According to Edwards, when it comes to making “tactical and generally capex heavy decisions about IT infrastructure” there is a communication disconnect because the only real contact that hotel owners have is with the local IT managers, while it is the brand’s senior leadership that is responsible for the brand’s reservations system, loyalty programme and overall IT strategy.

“There’s a real stakeholder management issue in the global chains which needs to be addressed,” he said. “Owners are increasingly frustrated with the lack of visibility and clarity when they receive their annual requirement for capital investments into the hotel.”

Who Really Pays?

Nearly all IT functions are paid for and managed by the operator (either directly or as part of the franchise agreement) and reported on the hotel’s P&L. It is hotel owners, however, who directly cover the costs of on-site hardware.
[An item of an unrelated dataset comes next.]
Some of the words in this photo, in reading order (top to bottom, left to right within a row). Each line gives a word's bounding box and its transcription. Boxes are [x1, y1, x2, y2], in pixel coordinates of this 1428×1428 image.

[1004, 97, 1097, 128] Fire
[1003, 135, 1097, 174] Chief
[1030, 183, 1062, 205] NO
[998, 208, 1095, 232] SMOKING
This wasn’t always the case. Up until around 2012, some internet service providers invested in hardware at hotels in return for a share of the revenue made from charging guests for WiFi. Today, of course, it is almost unheard of for hotels to charge guests for WiFi usage.
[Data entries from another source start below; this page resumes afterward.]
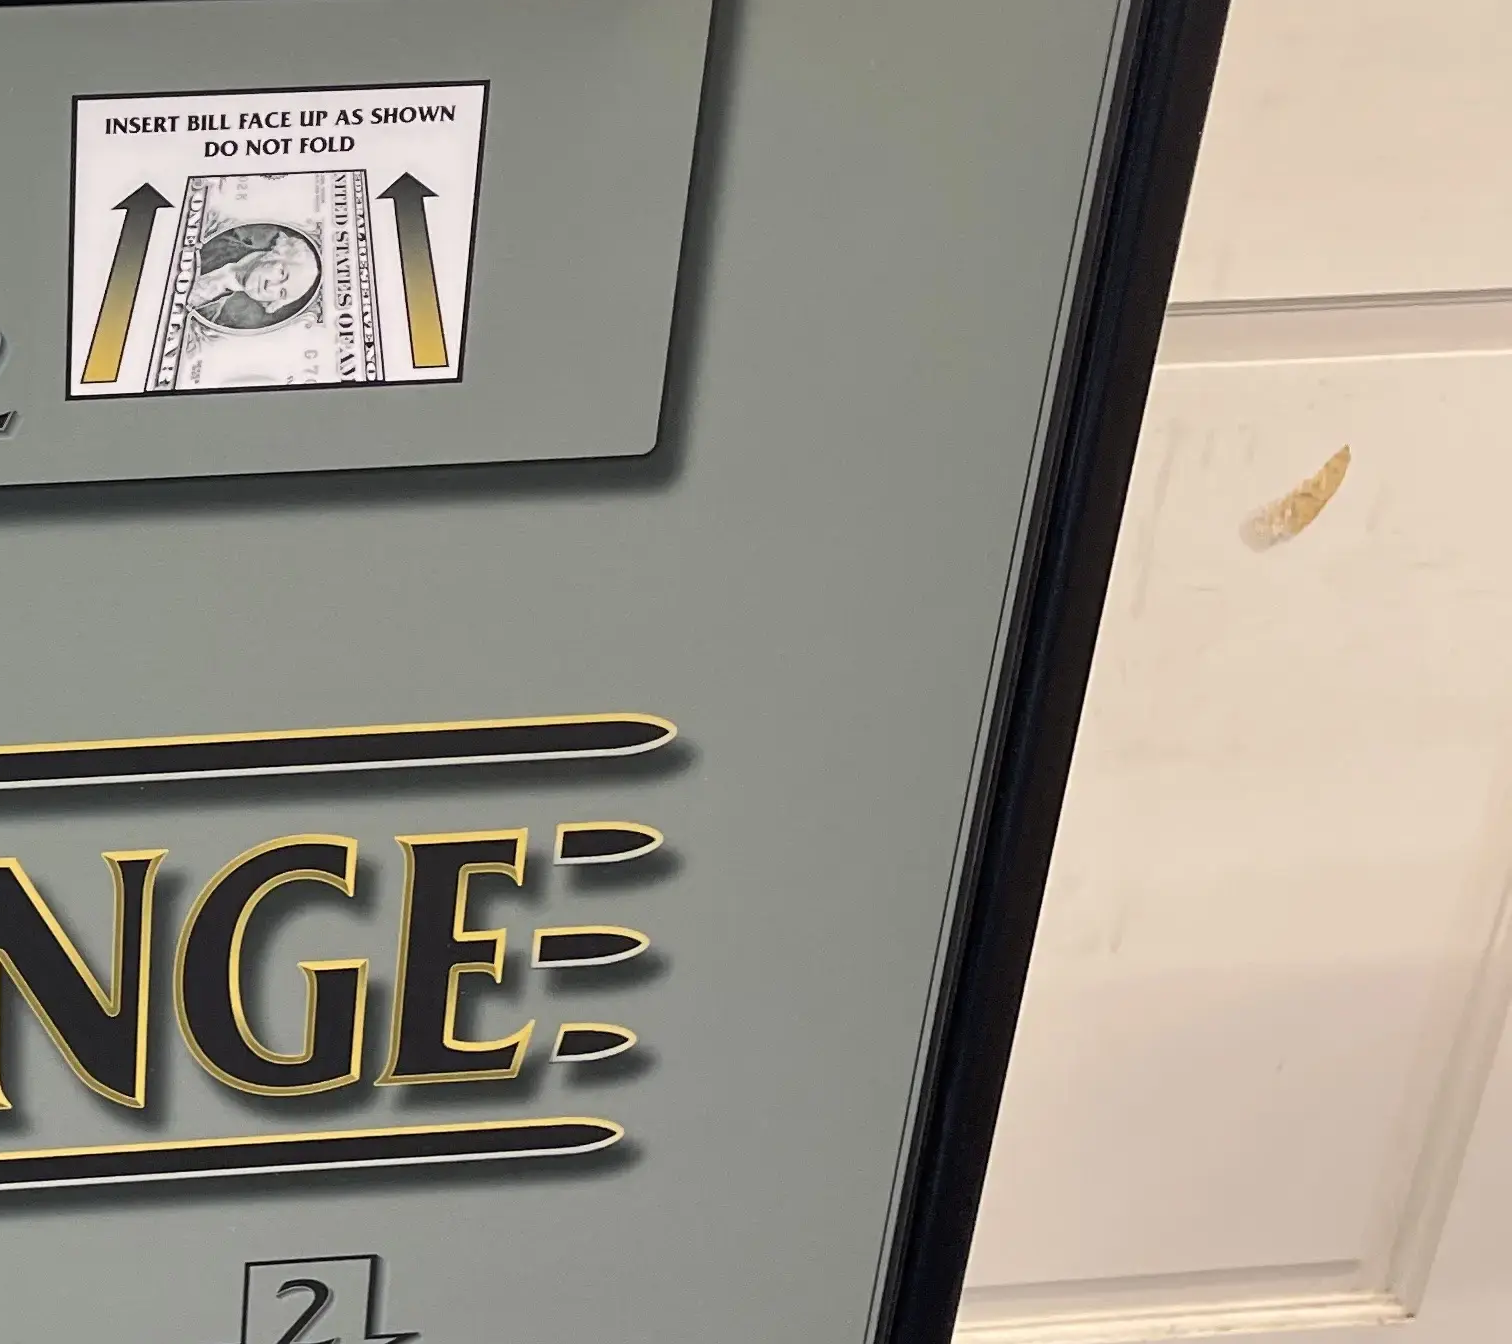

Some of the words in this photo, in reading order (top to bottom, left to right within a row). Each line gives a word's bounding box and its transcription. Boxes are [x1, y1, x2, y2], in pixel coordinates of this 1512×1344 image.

[105, 115, 180, 135] INSERT
[187, 113, 231, 132] BILL
[238, 111, 292, 130] FACE
[299, 110, 328, 127] UP
[335, 108, 364, 126] AS
[370, 104, 456, 125] SHOWN
[204, 140, 239, 158] DO
[245, 138, 293, 156] NOT
[299, 135, 355, 154] FOLD
[183, 192, 205, 246] ONE
[335, 231, 353, 307] STATES
[158, 249, 195, 386] DOLLAR
[338, 313, 355, 344] OF
Vibhu Gaind is chief information officer at RBH Hospitality Management, a UK company with several brands in its portfolio of 45 hotels.  He stressed the importance of clear communication with his owners (who include high net worth individuals, families and private equity funds) when preparing them to invest in IT hardware.

“We always make sure that we communicate early on. You have to storyboard the journey and merit it against what the guest expectations are. We start by going to our owners with a three-year capex plan saying, guys, we expect you to invest X in year one, X in year two etc... It’s the same journey as you would have with any other plant equipment in the hotel. It’s equal to updating your boilers or hot water systems. It has to be treated as a bare, basic essential utility,” he said. 
Edwards, on the other hand, argued that the division of responsibility for IT costs should change. “Everyone seems to think that owners have bottomless pockets just to pay for things,” he said.
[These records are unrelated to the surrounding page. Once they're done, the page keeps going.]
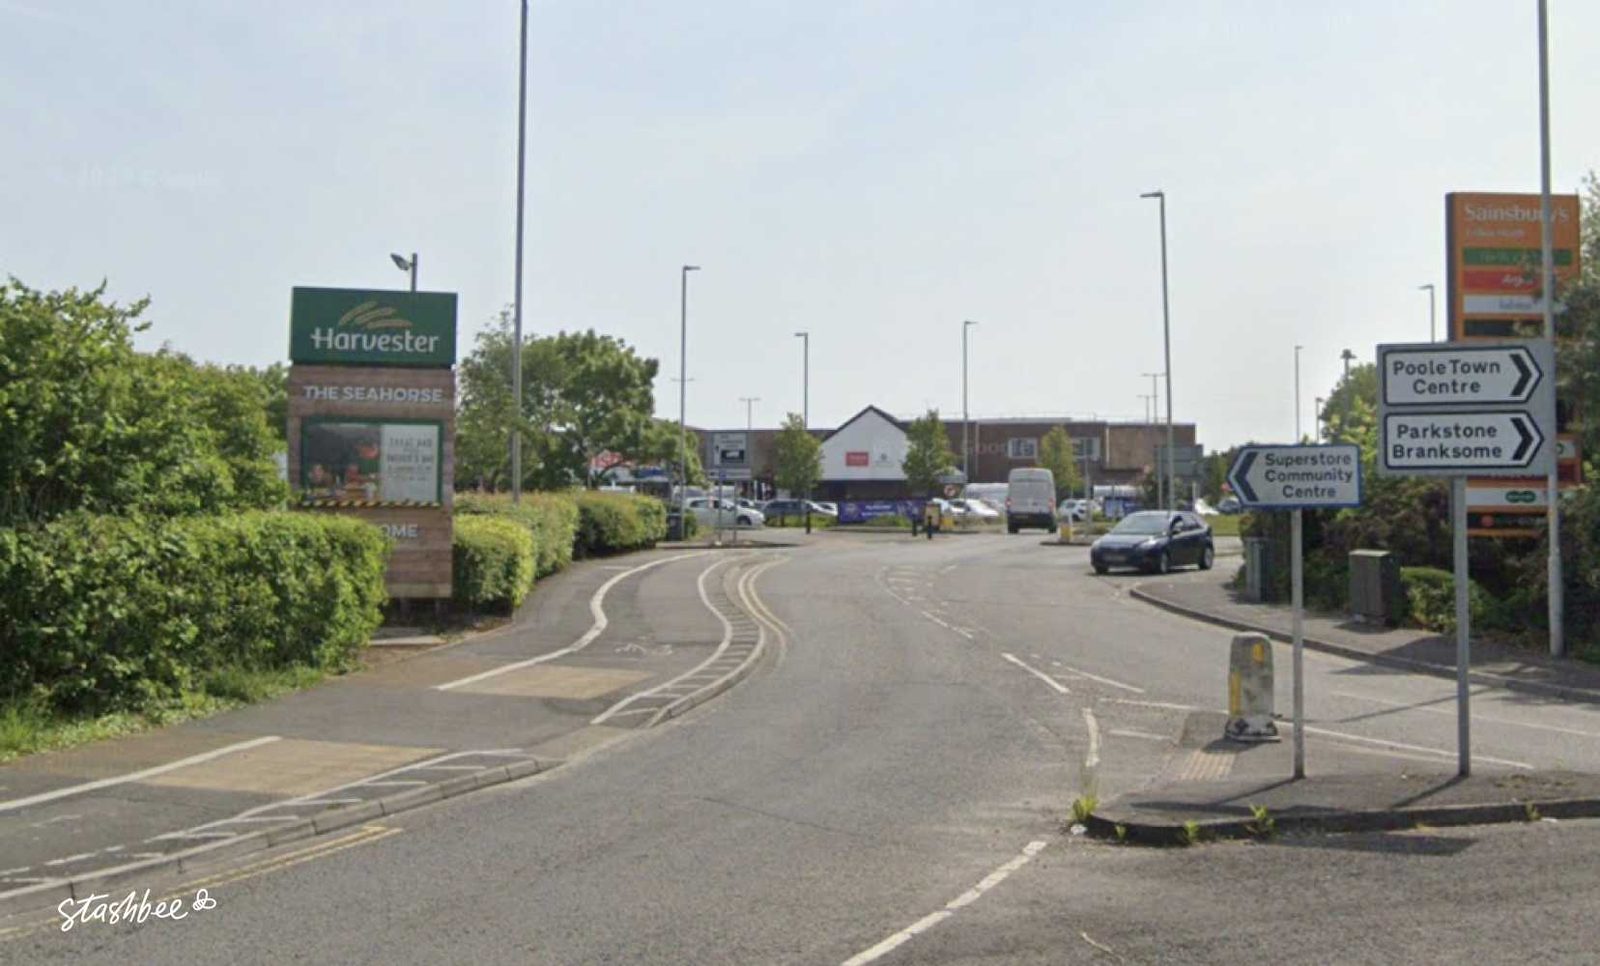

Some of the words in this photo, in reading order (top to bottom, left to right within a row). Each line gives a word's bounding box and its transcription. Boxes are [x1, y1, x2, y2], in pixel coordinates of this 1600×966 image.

[310, 326, 440, 352] Harvester
[1393, 360, 1446, 375] Poole
[1449, 359, 1500, 374] Town
[303, 385, 340, 400] THE
[342, 386, 443, 402] SEAHORSE
[1412, 379, 1481, 394] Centre
[1397, 423, 1497, 439] Parkstone
[1393, 444, 1502, 459] Branksome
[1264, 453, 1351, 467] Superstore
[1264, 468, 1352, 483] Community
[1282, 485, 1337, 498] Centre
“Maybe what needs to happen is that the operators take a greater degree of management responsibility of IT and actually everything is delivered as a service and the onus is back on the operator to really make the right investment decisions on behalf of the owner. Yes, owners will see an in increase in the monthly management fee, but actually IT costs versus profitability and the incentive of the operators would be refocused,” said Edwards.

So technology costs continue to be a controversial subject for many hotel owners, but rather than just being seen as a cost, the most intelligent deployment of tech should result in operational savings too, argued Gaind.

“We are always in the market, benchmarking our value. While the tech stack is ever growing in the world we are in, we are able to leverage tech to reduce costs as well, and make sure that there is always a ROI for each and every investment plan,” he said.